There, there could be a possible dispute between the employer and his doctor.
Obviously we do not fit in the field
right of the Social Security, there will be no occupational disease, there
there will be no inexcusable fault of the possible employer, against the employee could
necessary engage a proceedings before the Conseil des Prud'hommes by reproaching
the employer for not having complied with his obligation of security of result.
Then there is also always on the same basis, a procedure that
is not yet completely stabilized, with a case law that "floats" a little more,
the employee could when he is obviously exposed to the risk ask before
the Conseil des Prud'hommes, the conviction of his employer for the injury of anxiety.

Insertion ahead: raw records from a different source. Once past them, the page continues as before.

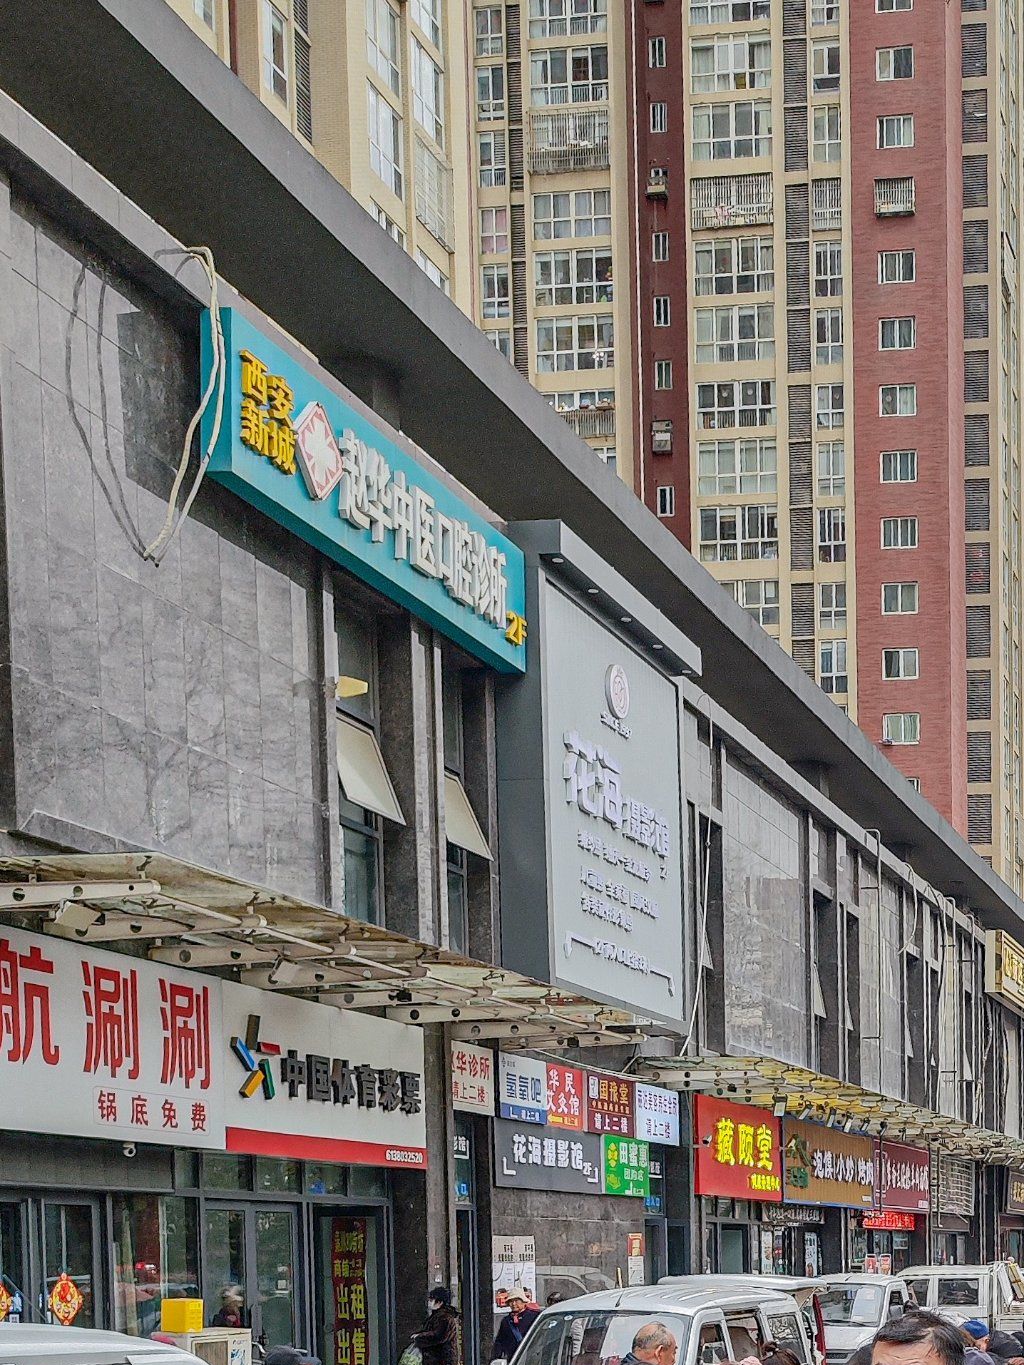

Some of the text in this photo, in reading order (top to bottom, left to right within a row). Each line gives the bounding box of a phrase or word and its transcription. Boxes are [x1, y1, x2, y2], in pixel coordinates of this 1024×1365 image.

[239, 349, 295, 429] 西安
[240, 397, 297, 477] 新城
[337, 427, 508, 630] 赵华中医口腔诊所
[505, 611, 528, 647] 2F
[562, 730, 670, 859] 花海摄影馆
[280, 1049, 422, 1115] 中国体育彩票
[452, 1051, 490, 1081] 华诊所
[506, 1072, 541, 1103] 氢氧吧
[547, 1089, 580, 1115] 艾灸馆
[97, 1089, 207, 1132] 锅底免费
[594, 1112, 629, 1134] 请上二楼
[645, 1118, 671, 1140] 请上二楼
[512, 1132, 584, 1170] 花海摄影馆
[582, 1162, 592, 1176] 2F
[337, 1283, 366, 1321] 出租
[337, 1327, 366, 1365] 出售

It is a prejudice that was invented by the Court of Cassation in May 2010
2010 during the so-called "asbestos" case, but which could be
transposed to situations of exposure to proven risk, and therefore even if the employee
does not develop a pathology, he could demonstrate that he was contaminated without
the disease appearing, and therefore claim compensation for his anxiety damage,
which is a cause for concern, anguish. The employee is not sick
but he has good reason to fear to develop a pathology and he could, we will see
what the case law will do, in the coming years, so ask
compensation for his injury anxiety.
If he falls ill, it will be an occupational disease and the employer will pay for his accident at work rate
rate the consequences of the recognition of this occupational disease. It should
be known that if the victim, if the patient, has at least 40% of incapacity or more, it
will cost to the employer currently, it costs on the employer account 480 000 euros.
And so that's what the employer will pay, even if his employee refuses
refuses vaccination. I would add that even in this hypothesis, the employer will have an interest
in being able to demonstrate that he has provided his employee with collective or individual protection equipment,
otherwise he will still be liable to an inexcusable fault on the part of
employer, even if the employee, I repeat refused the vaccination.